C’est un singulier phénomène, ce double aspect que prennent les choses selon qu’en les voyant on est heureux ou malheureux. Pour moi, depuis cette nuit, il y a deux hôtels de Saint-Adamastor au monde : l’un rose et blanc comme ses dessus de porte fanés, avec Nivoulas radieux et le large escalier à rampe ouvragée, échelle de Jacob que montent et descendent tout le long du jour des théories d’anges déchus en long peignoir ; et l’autre où Roset n’est plus, un hôtel de Saint-Adamastor douteux et sombre, gardé par mademoiselle Ouff qui grommelle, quand je lui demande Roset, je ne sais quoi dans une quinte ; un hôtel où je me retrouve seul par ma faute, sans savoir s’il faut pleurer ou rire, et n’ayant personne, non, personne et pas même moi, à qui confier ma douleur.

— Va consoler Nivoulas, imbécile !… et je venais le consoler quand j’aurais eu tant besoin d’être consolé moi-même.

Nivoulas attendait sur le palier. Depuis une heure il savait la nouvelle, et il n’entrait pas, essayant toujours d’espérer. Sa faiblesse me fit sourire. Cependant, chose singulière, la clef tremblait dans ma main en cherchant la serrure :

— « Mais vois donc, Nivoulas, disais-je, vois donc ce que c’est que d’être nerveux ! »

Quel spectacle quand nous eûmes ouvert ! Le lit défait, la chambre vide, et çà et là, par terre, sur les chaises, un éventail, des gants déchirés, une robe, que Roset avait laissés en s’envolant, comme un oiseau ses plumes aux barreaux de la volière.

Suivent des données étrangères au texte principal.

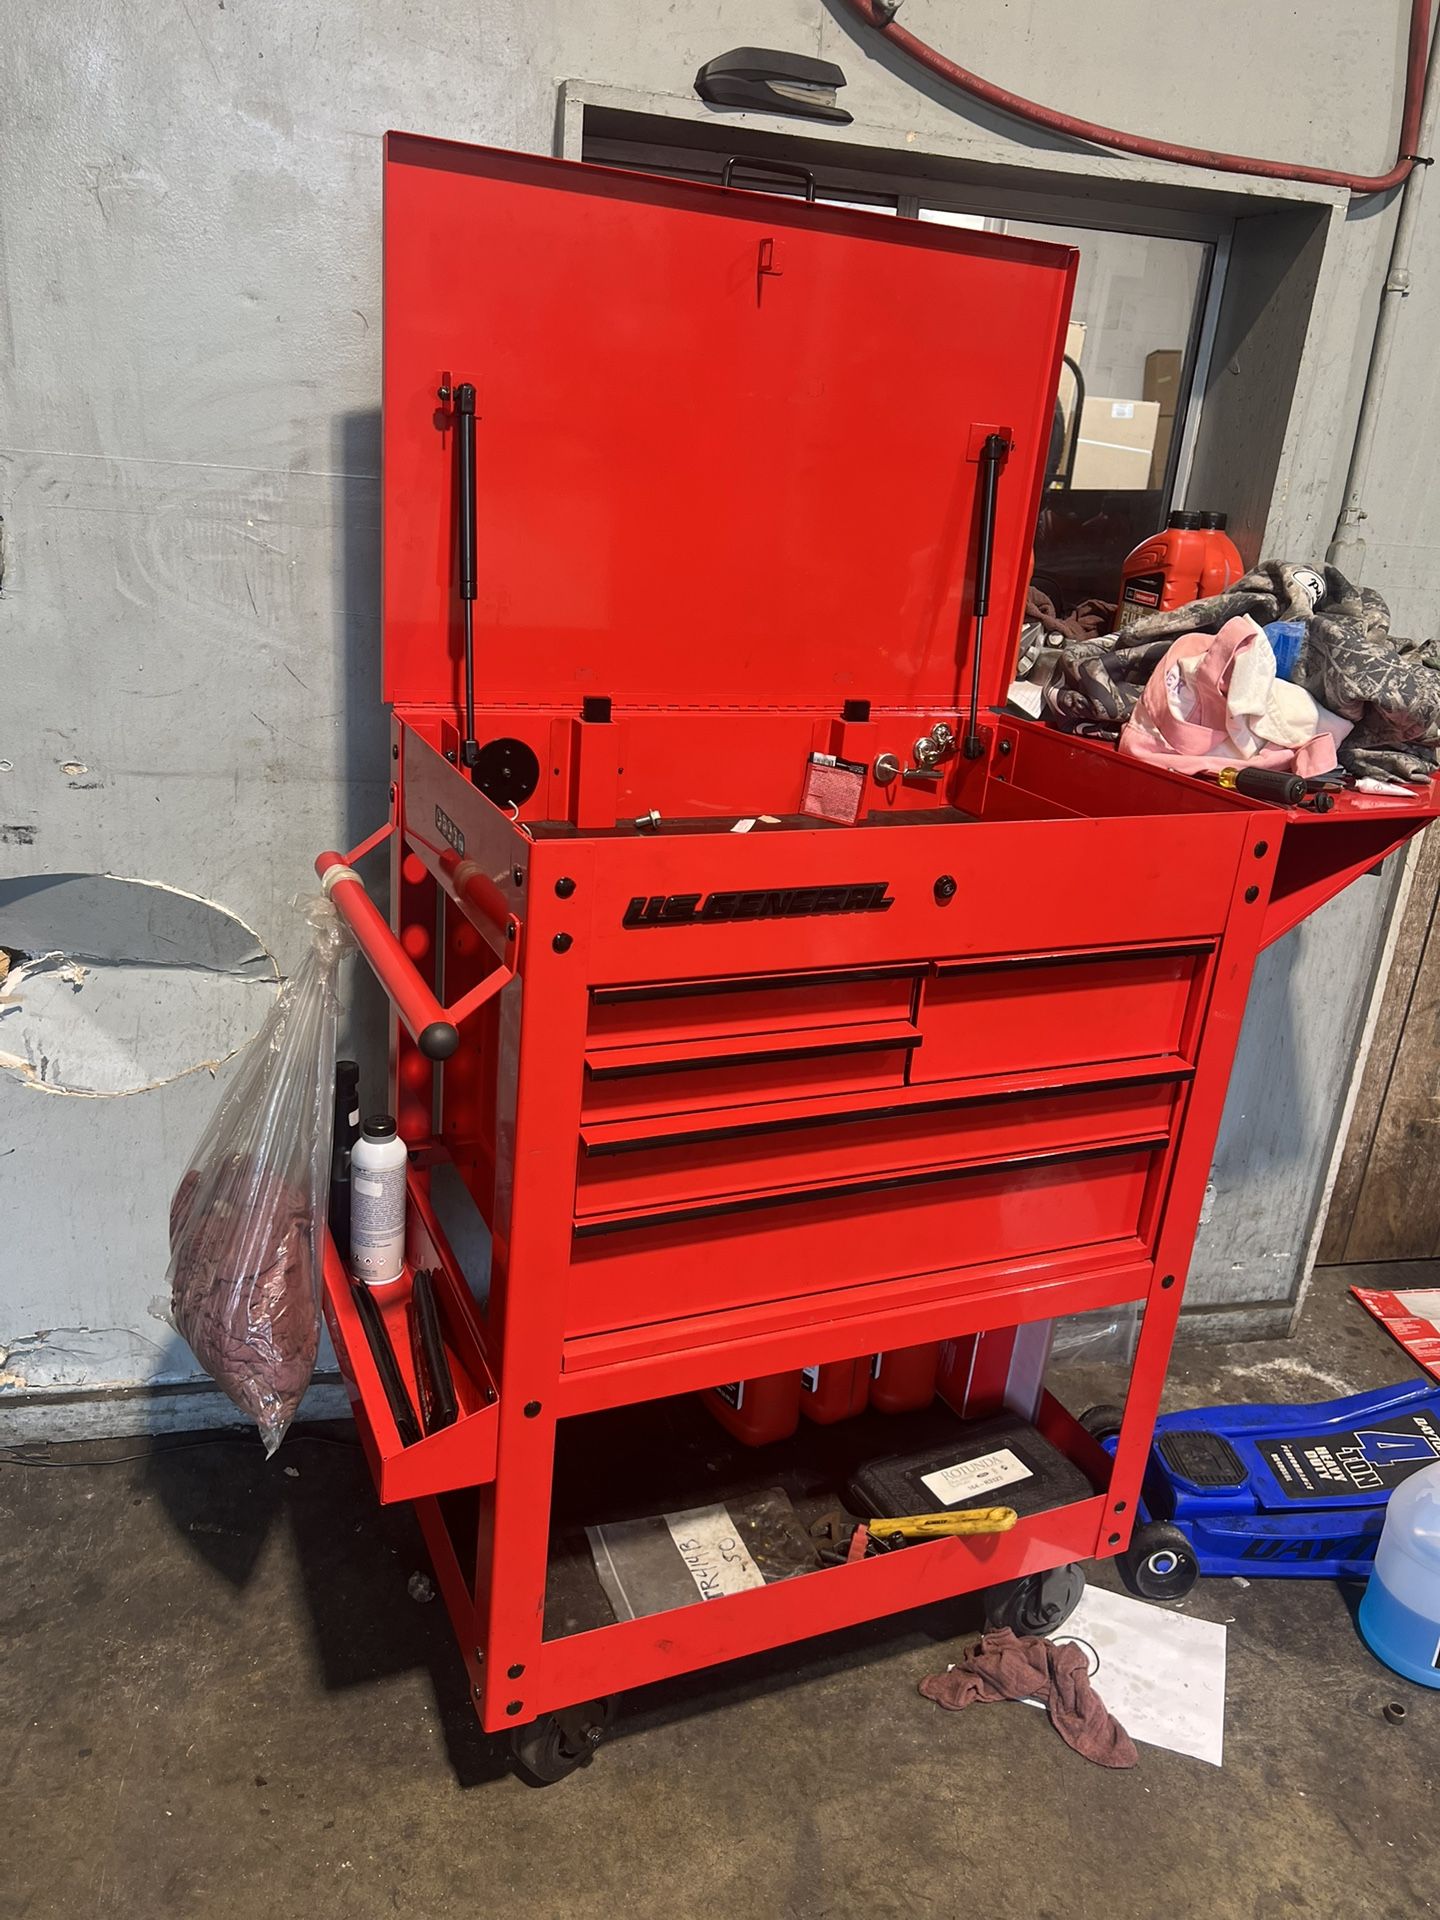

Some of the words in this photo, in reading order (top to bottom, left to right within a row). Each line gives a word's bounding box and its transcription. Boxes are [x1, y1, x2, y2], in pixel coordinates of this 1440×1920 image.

Du coup qu’il en reçut, Nivoulas alla s’asseoir dans un coin. Nivoulas s’asseyait toujours quand il était triste, c’était sa façon de pleurer.

— « Dressons-nous, Nivoulas, et soyons homme !…  » Mais Nivoulas ne bougeait pas.

— « Regarde-moi, Nivoulas, est-ce que je m’assieds, est-ce que je pleure ? Dieu sait pourtant si Jean-des-Figues !… » Poussé par cette manie de confidences qui possède les amoureux, j’allais tout dévoiler sans y prendre garde. Déjà Nivoulas, inquiet, relevait la tête à mes paroles et commençait à développer sa longue taille ; mais je m’arrêtai à temps, je changeai mon discours, et racontant à Nivoulas ma belle passion de Canteperdrix, lui étalant avec ingénuité mes cicatrices imaginaires :

— « Guéris-toi, Nivoulas, guéris-toi de Roset, comme je me suis guéri de Reine ; seulement fais mieux que Brutus, et n’attends pas une blessure mortelle pour reconnaître que l’amour n’est qu’un nom comme la vertu ! »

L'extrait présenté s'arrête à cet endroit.